■ **DATA PROVIDED**
Start of Block

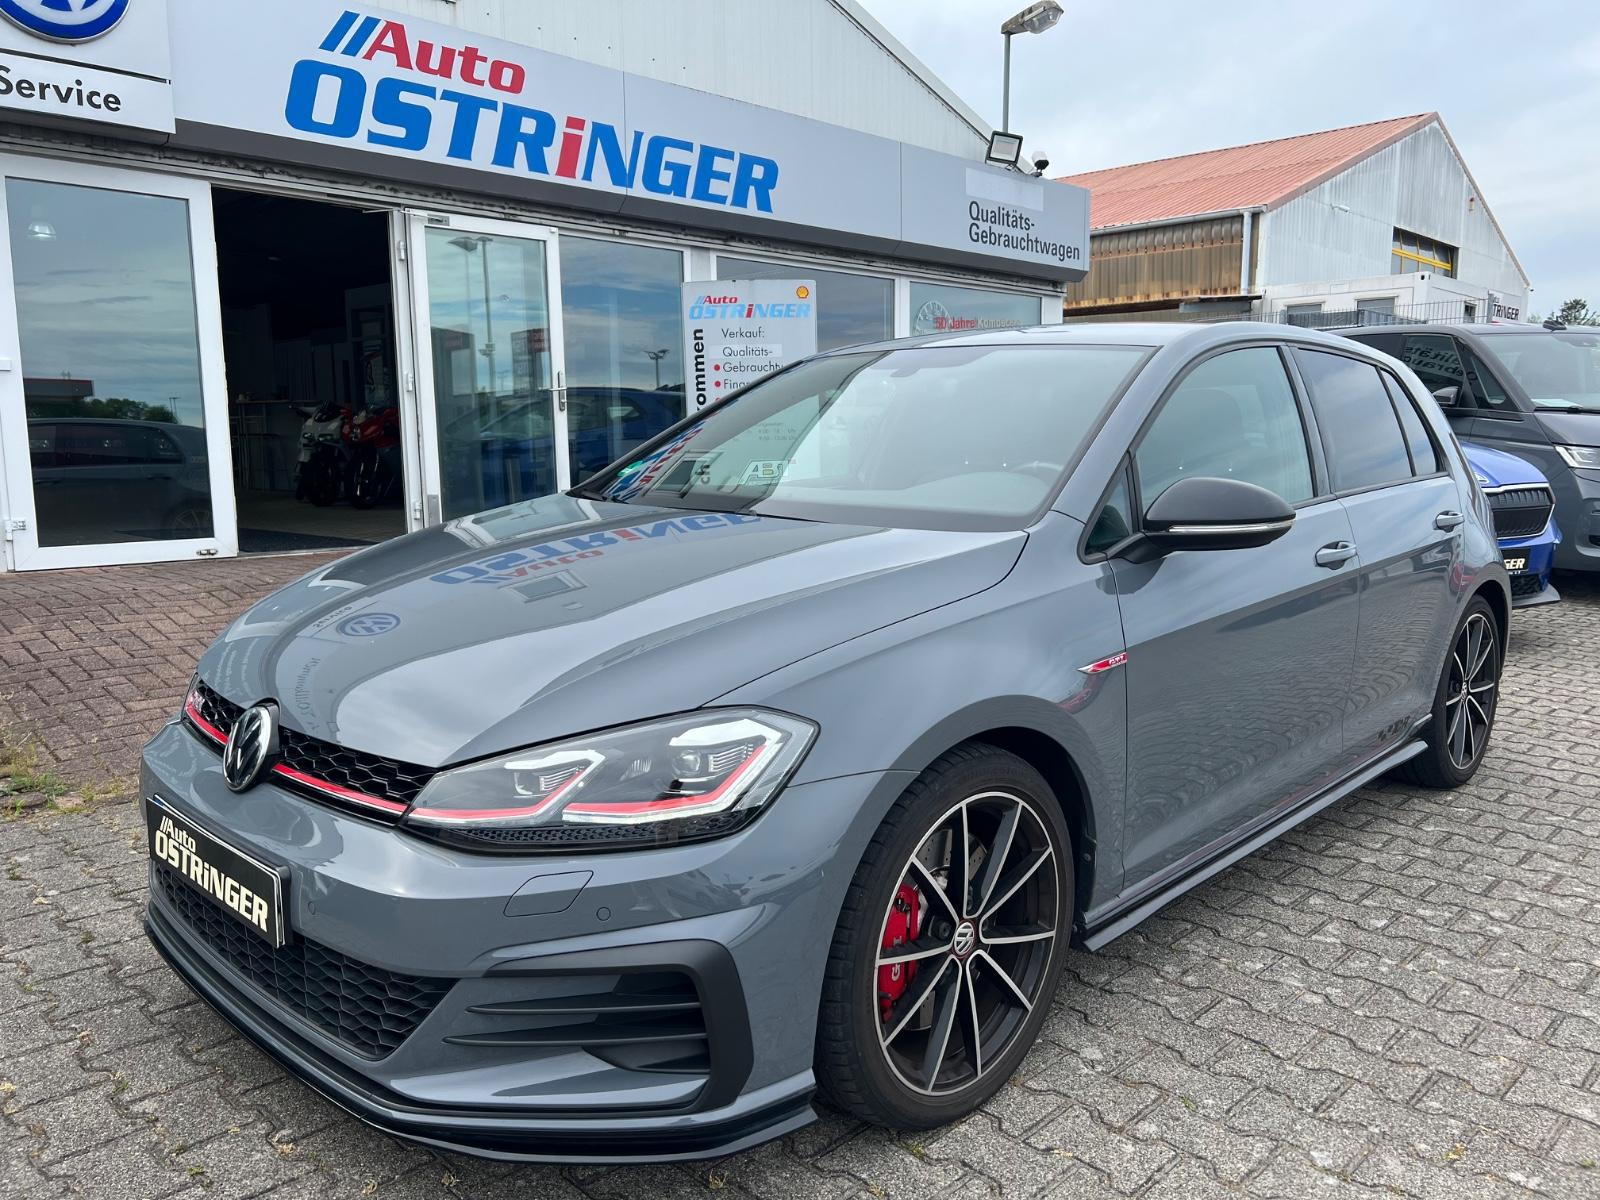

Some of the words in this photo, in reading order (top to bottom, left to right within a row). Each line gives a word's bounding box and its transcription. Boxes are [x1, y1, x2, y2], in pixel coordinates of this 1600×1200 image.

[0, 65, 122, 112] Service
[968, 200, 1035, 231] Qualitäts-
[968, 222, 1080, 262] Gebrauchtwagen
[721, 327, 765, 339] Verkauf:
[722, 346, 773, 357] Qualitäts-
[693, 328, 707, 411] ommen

End of Block

All of the records above are to be written out exactly, minus their images.

■ **EXPECTED OUTPUT**
Some of the words in this photo, in reading order (top to bottom, left to right within a row). Each line gives a word's bounding box and its transcription. Boxes are [x1, y1, x2, y2], in pixel coordinates of this 1600×1200 image.

[0, 65, 122, 112] Service
[968, 200, 1035, 231] Qualitäts-
[968, 222, 1080, 262] Gebrauchtwagen
[721, 327, 765, 339] Verkauf:
[722, 346, 773, 357] Qualitäts-
[693, 328, 707, 411] ommen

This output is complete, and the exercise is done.